This remarkable river, known the world over as one of the toughest white water courses, flows through the Bulolo and Huon Gulf electorates of the Morobe Province. It provides for a vast number of communities along its entire length, even at the headwaters some 8,000 feet above sea level. As the river reaches the Watut plains it slows and broadens, winding its way to the Markham confluence and here a myriad of aquatic marvels exist from the flora that shrouds its banks to the fauna that in some species, exist only in this part of the world.
It is home to the Watut and Mumeng people of Bulolo and the Babuaf of the Huon Gulf giving sustenance to communities in the form of food, water, recreation, transport and gold. The Watut River is an important feature to these rural people.
But there is trouble brewing in paradise. This picture of a pristine wilderness is under threat and the river system has been taking a beating, literally, for the last two years by a sinister force which is both seen and unseen and whose presence is quickly emerging under the guise of development for the region. Unfortunately, the future of this once-awesome waterway looks increasingly bleak. The natural beauty of the Watut River is quickly being compromised by waste material from the construction of the Hidden Valley Gold Mine. The mine is operated by Morobe Mining Joint Ventures which is the operating entity for international mining partners Harmony Gold of South Africa and Australia's Newcrest Mining Limited.
Since September 2007, the Watut River has been subjected to inordinate quantities of waste rock and debris as run-off from the river's headwaters where the Hidden Valley Gold Mine is situated.
To date, some 50 million tones of earth have been excavated from the top of the mine's main pit area and vast amounts have ended up in the river as debris from the deliberate practice of side-casting. The problem of degradation in the Watut actually develops from an act of god, which being the extraordinarily high rainfall patterns in this region of the world. Up to 10m in one year is not usual and as a tropical rainforest zone, the abundance of precipitation has become both friend and foe for this great waterway.
Early last year (2009), the telltale signs of environmental damage to the lower Watut waterways began to emerge in places an under circumstances the developers of Hidden Valley Gold Mine claimed would not occur. Up until that point every communication made to communities near and beside the Watut River professed that MMJV had the situation under control and that damage along the course of the Watut system was minimal. It publicly stated through its environment and community affairs officers that according to its studies of the Watut River and models it based its Environmental Management Plan on, very little damage would visit the Middle and Lower Watut regions and if any was to occur, it would be of little consequence and only temporary.

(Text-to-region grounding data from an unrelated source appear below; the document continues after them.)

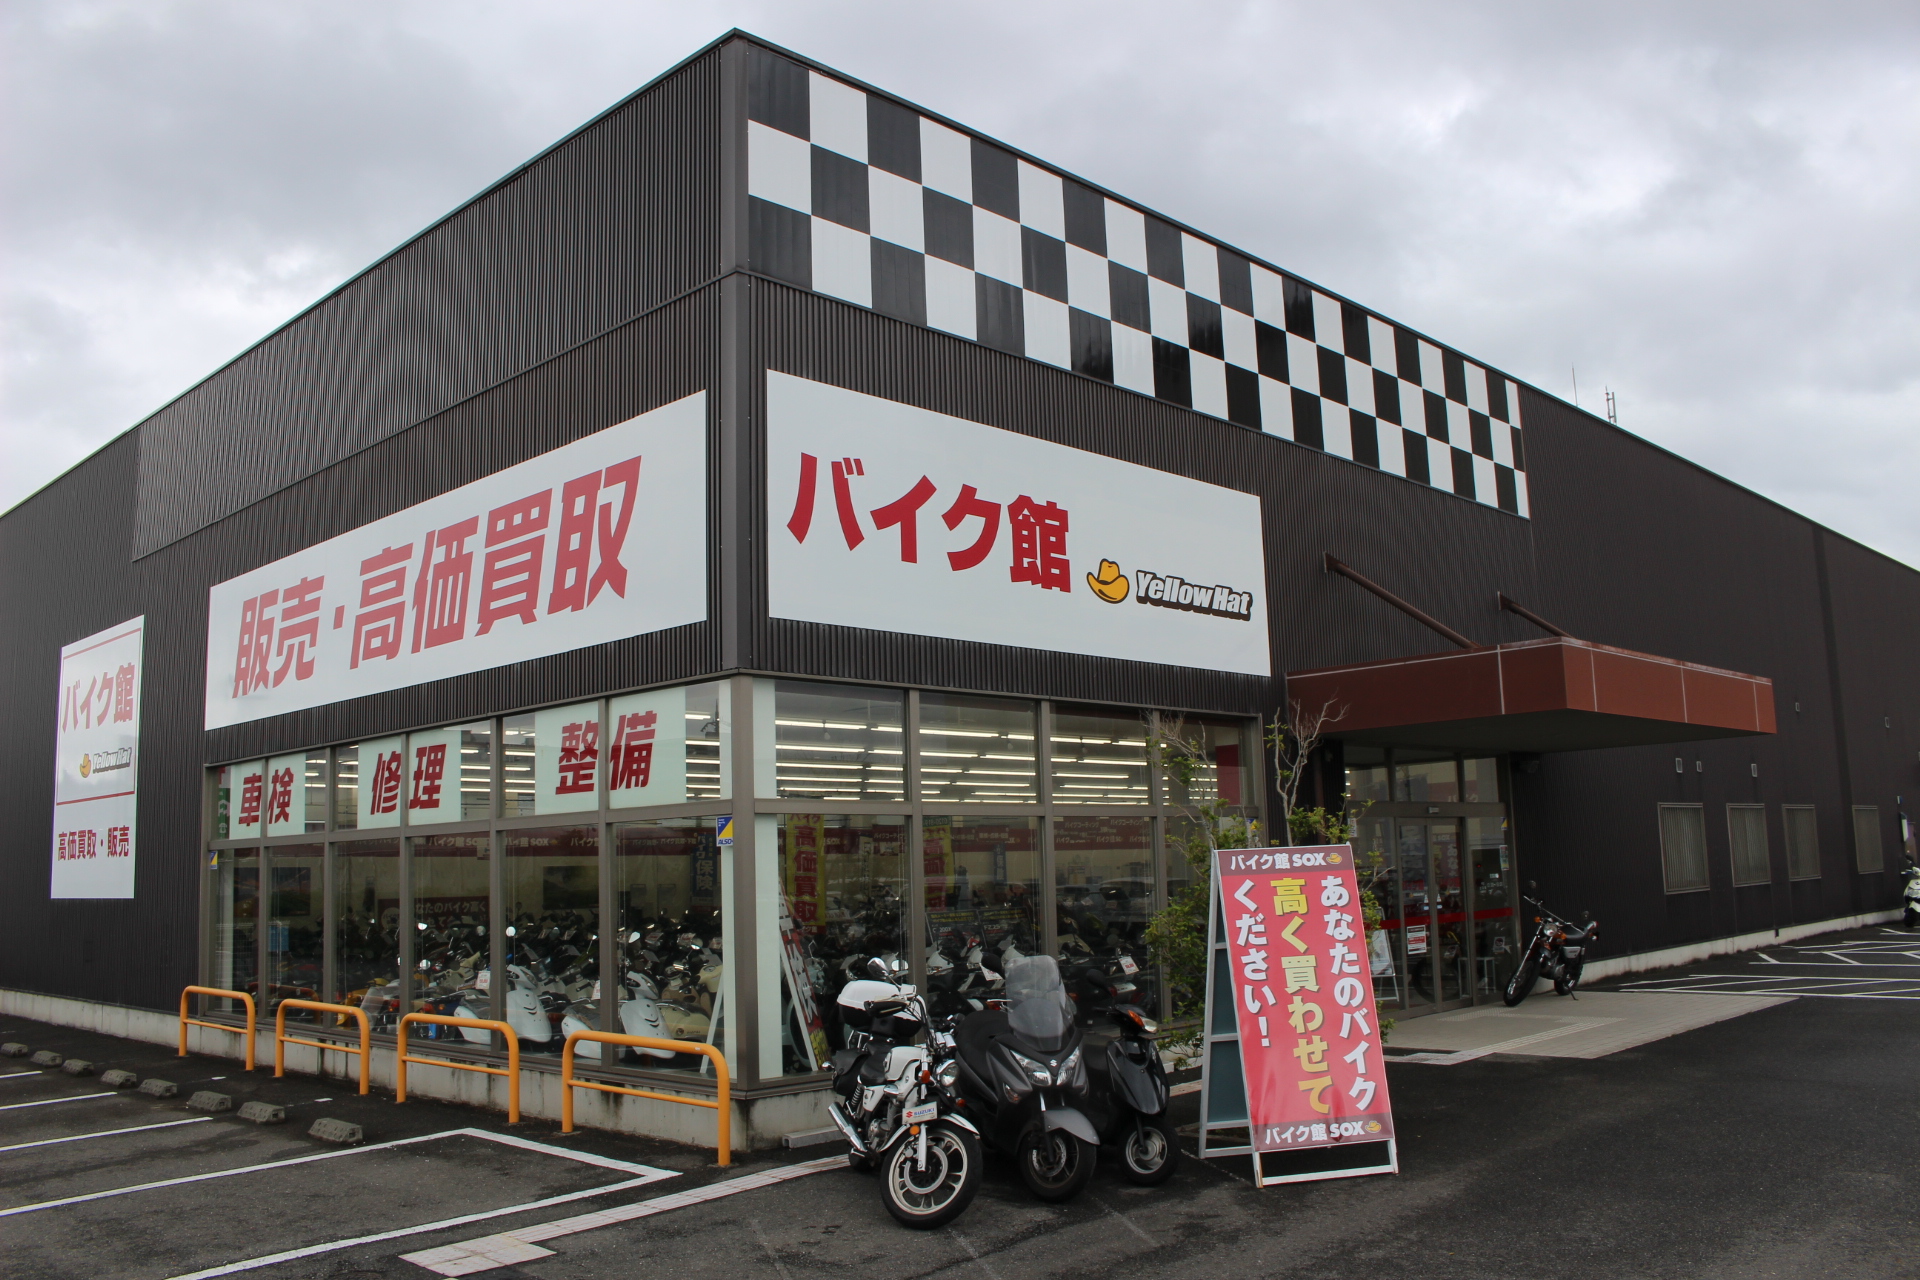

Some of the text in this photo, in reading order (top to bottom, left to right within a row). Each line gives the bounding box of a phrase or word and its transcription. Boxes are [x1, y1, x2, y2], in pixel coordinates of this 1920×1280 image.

[787, 452, 1072, 593] バイク館
[62, 662, 136, 733] バイク館
[370, 743, 447, 816] 修理
[555, 709, 658, 796] 整備
[238, 766, 296, 827] 車検
[1230, 852, 1328, 871] バイク館 SOX
[1270, 877, 1334, 1114] 高く買わせて
[1320, 875, 1377, 1112] あなたのバイク
[1265, 1120, 1366, 1146] バイク館 SOX

Unfortunately what is now becoming clearer by the day is that these claims could not be further from the truth. As demonstrated in the Fly River experience, a latent but permanent by-product of mining in PNG that discharge waste into waterways with a flood basin is a phenomenon called dieback.

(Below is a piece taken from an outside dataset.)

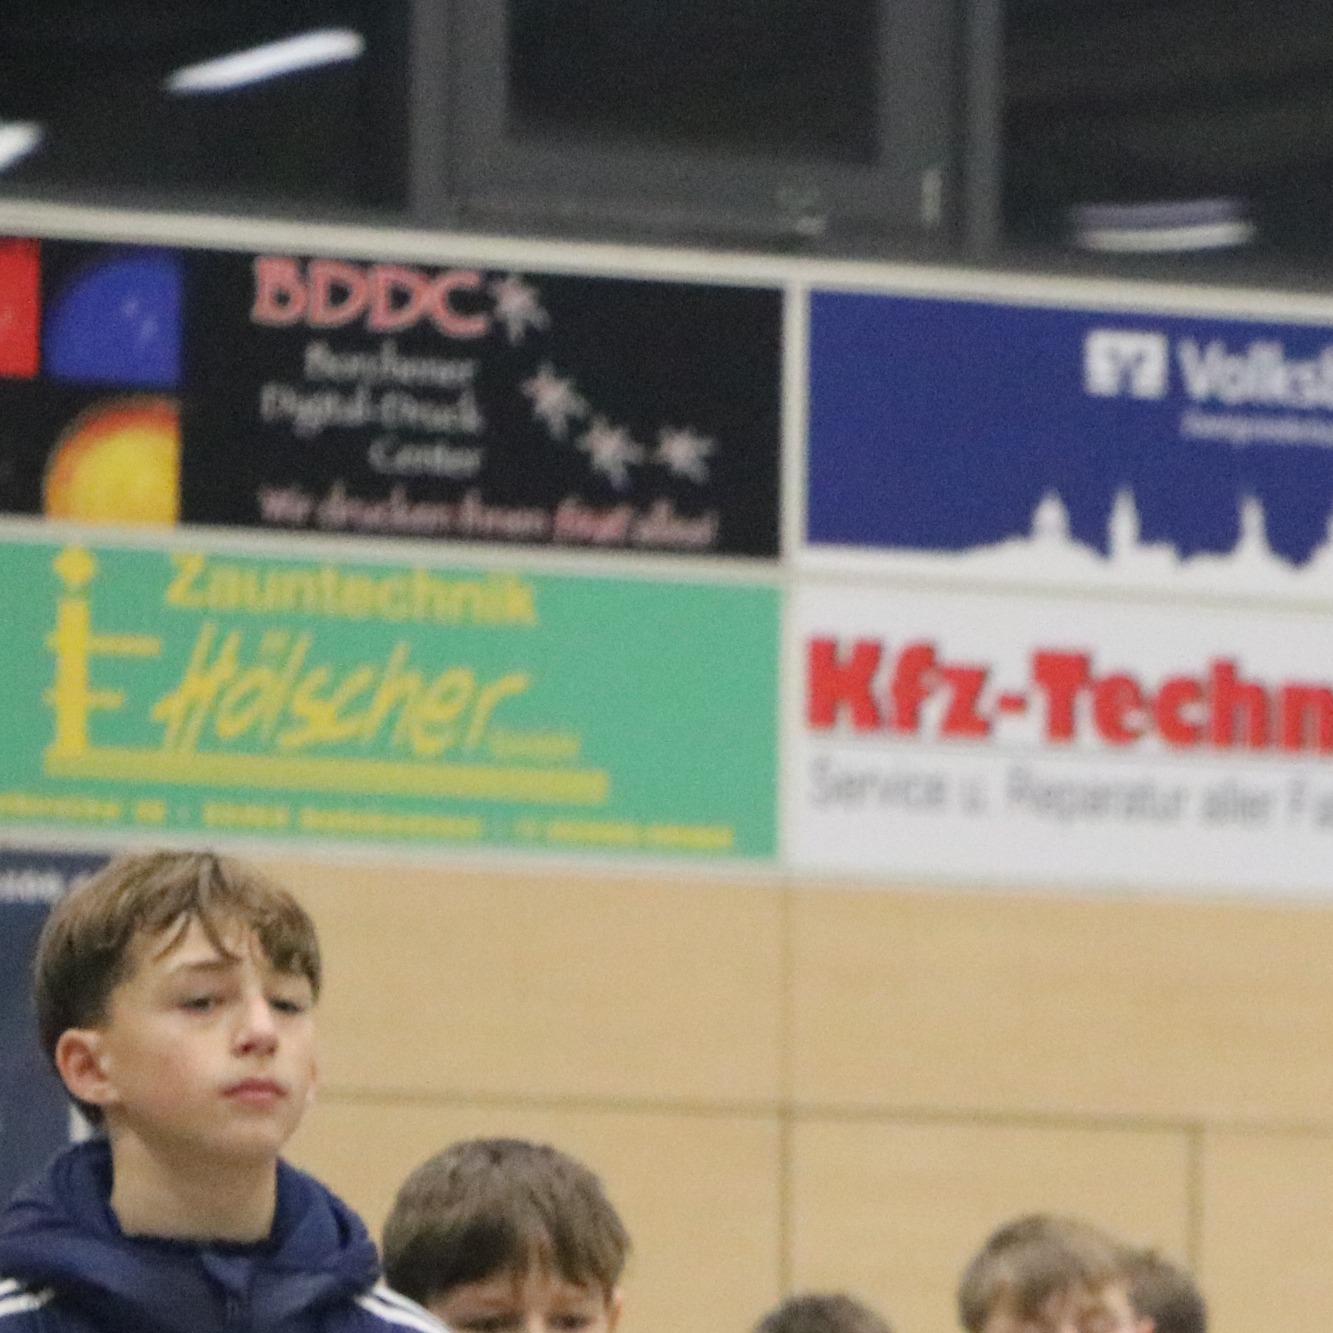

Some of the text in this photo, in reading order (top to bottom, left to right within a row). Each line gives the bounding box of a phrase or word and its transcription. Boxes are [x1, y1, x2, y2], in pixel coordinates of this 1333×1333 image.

The destruction caused in this phenomenon is not temporary nor is it manageable, unless retention mechanisms are developed at the mine site itself for the fifth side-cast in the mines pit clearing process. According to experts, if not corrected quickly, this matter will become a significant issue for the people who use and rely on the Watut River system for their existence.
Sedimentation and silting of the levels being observed in the lower Watut can only be possible if there is an inundation of suspended material in the water itself. The dynamics of laden water is that it will slow where the gradient permits, enabling sediments to settle. To stand on solid landfill where once there was over a meter of moving water and marshland indicates someone has not done their homework. This clogging up of important aquatic systems will have rolling repercussions as the habitat for aquatic fauna is destroyed, important flora used by river communities die and navigable waterways disappear.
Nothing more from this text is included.